Only the text belongs in the copy. Transcribe the data exactly and drop any pictures.

SOURCE RECORDS START

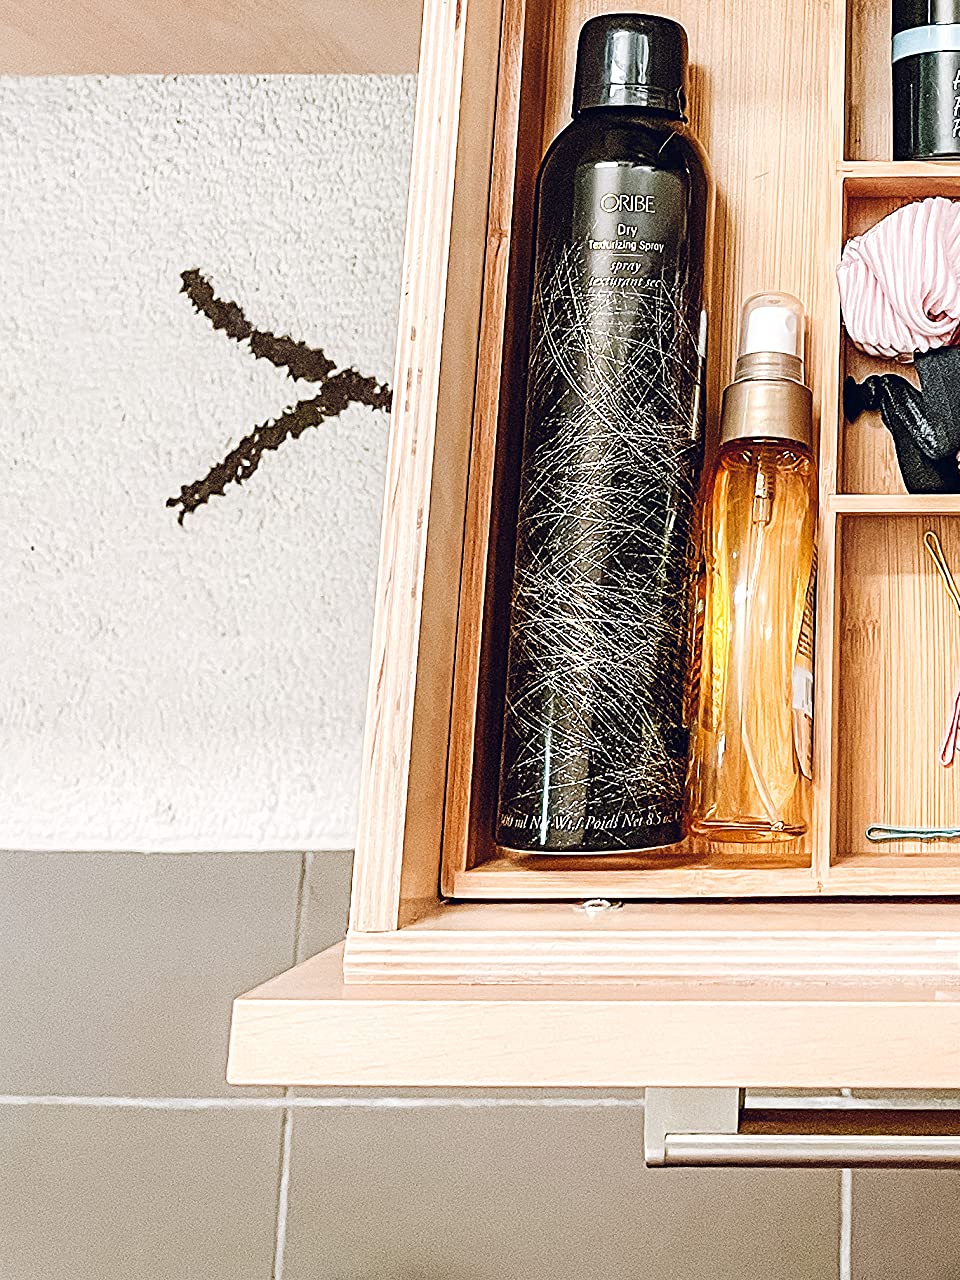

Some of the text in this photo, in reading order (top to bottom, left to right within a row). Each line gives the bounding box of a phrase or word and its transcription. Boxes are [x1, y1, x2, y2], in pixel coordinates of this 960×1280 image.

[601, 193, 655, 213] ORIBE
[618, 223, 637, 237] Dry
[589, 239, 664, 253] Texturizing Spray
[610, 261, 641, 274] spray
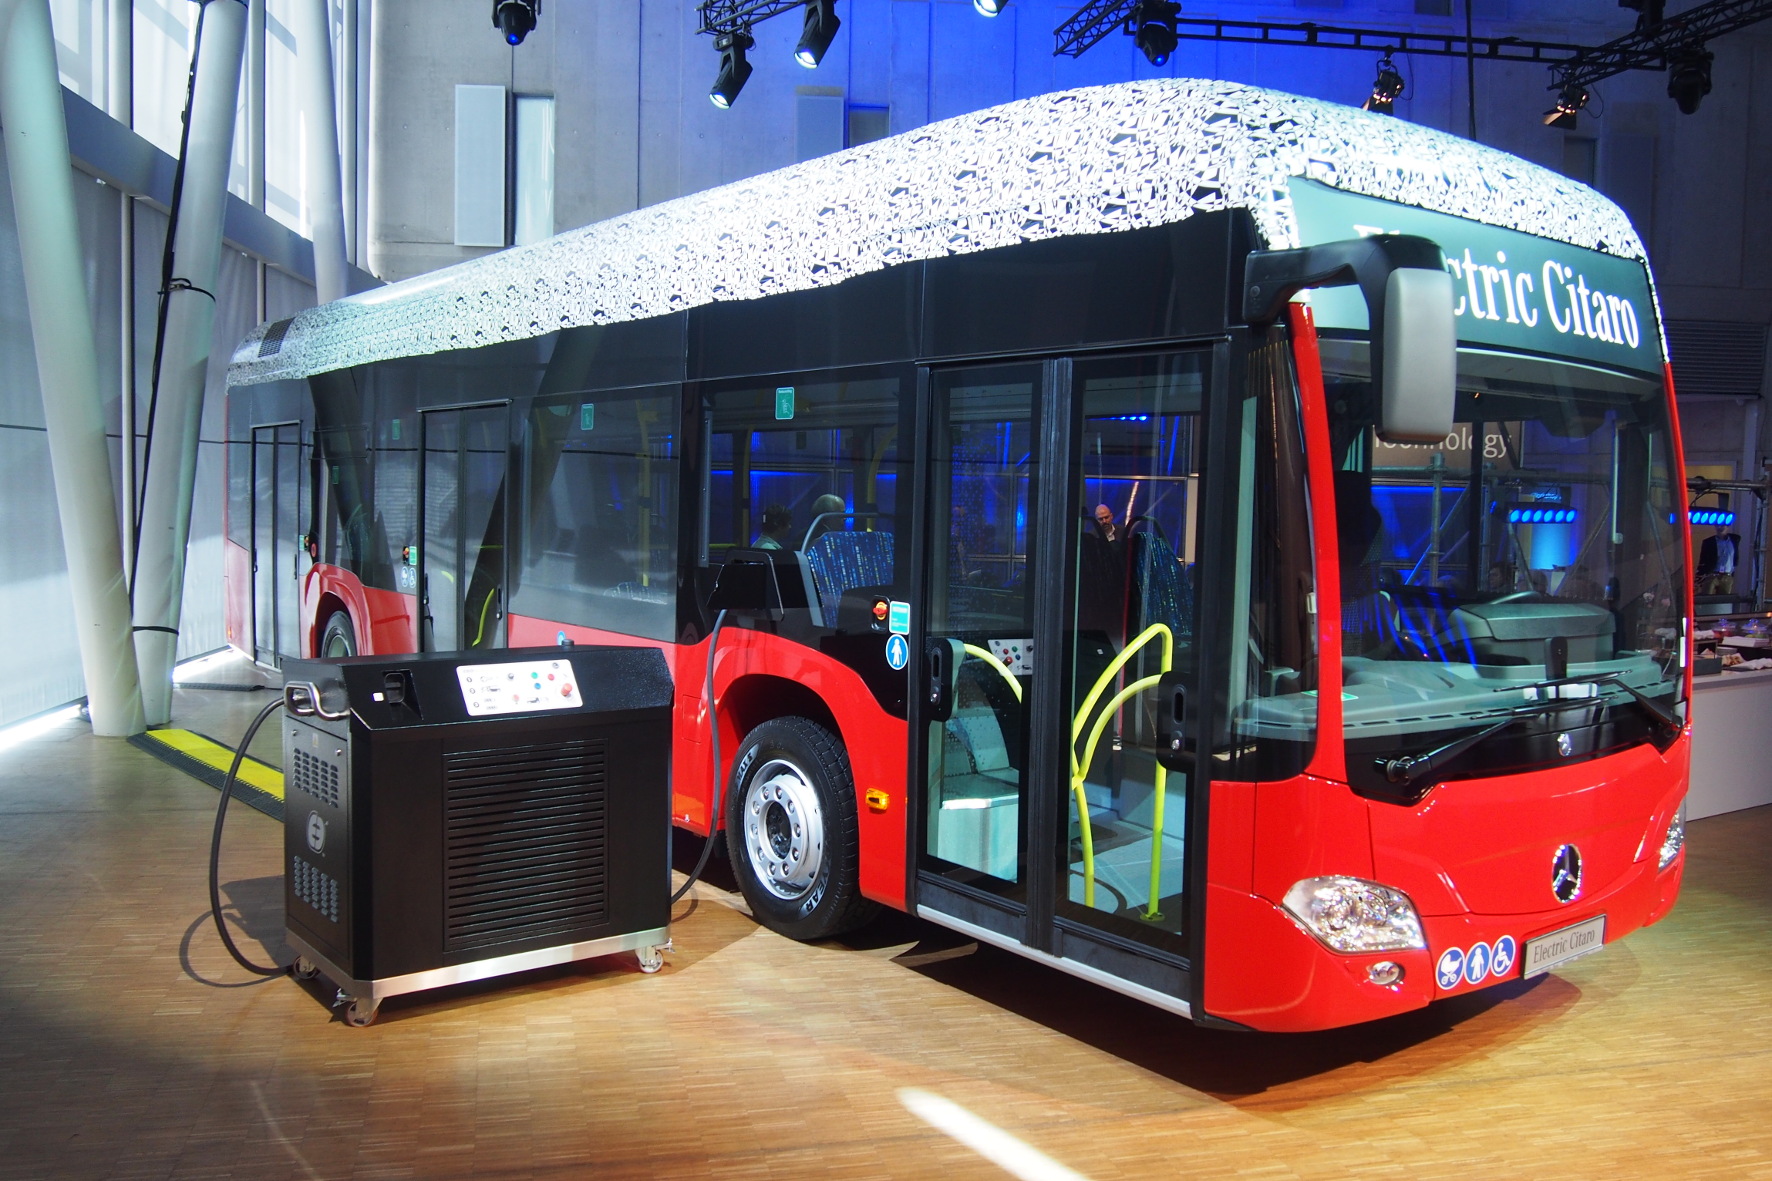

SOURCE RECORDS END

• _RESULT BELOW_:
Some of the text in this photo, in reading order (top to bottom, left to right within a row). Each line gives the bounding box of a phrase or word and its transcription. Boxes are [x1, y1, x2, y2], in pixel coordinates of this 960×1280 image.

[601, 193, 655, 213] ORIBE
[618, 223, 637, 237] Dry
[589, 239, 664, 253] Texturizing Spray
[610, 261, 641, 274] spray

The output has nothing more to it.